### SUPPLIED INFORMATION
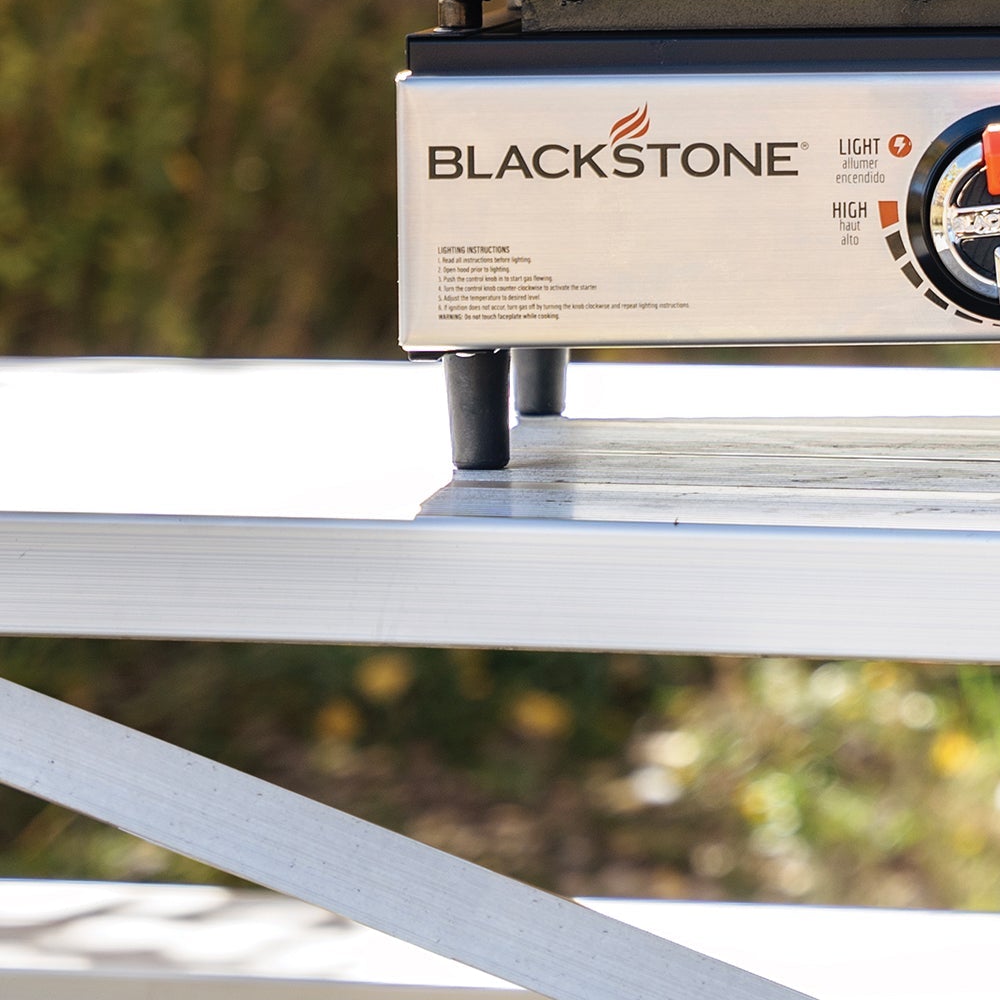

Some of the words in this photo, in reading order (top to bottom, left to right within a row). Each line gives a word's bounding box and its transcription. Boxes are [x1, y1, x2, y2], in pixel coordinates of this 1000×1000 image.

[840, 138, 880, 156] LIGHT
[842, 158, 878, 170] allumer
[835, 172, 886, 184] encendido
[832, 201, 868, 219] HIGH
[839, 219, 861, 232] haut
[841, 233, 860, 246] alto
[438, 247, 465, 255] LIGHTING
[467, 246, 510, 254] INSTRUCTIONS
######
EXERCISE DIRECTIONS: Could you write out the records again exactly, omitting each image?

SOLUTION TO THIS TASK:
Some of the words in this photo, in reading order (top to bottom, left to right within a row). Each line gives a word's bounding box and its transcription. Boxes are [x1, y1, x2, y2], in pixel coordinates of this 1000×1000 image.

[840, 138, 880, 156] LIGHT
[842, 158, 878, 170] allumer
[835, 172, 886, 184] encendido
[832, 201, 868, 219] HIGH
[839, 219, 861, 232] haut
[841, 233, 860, 246] alto
[438, 247, 465, 255] LIGHTING
[467, 246, 510, 254] INSTRUCTIONS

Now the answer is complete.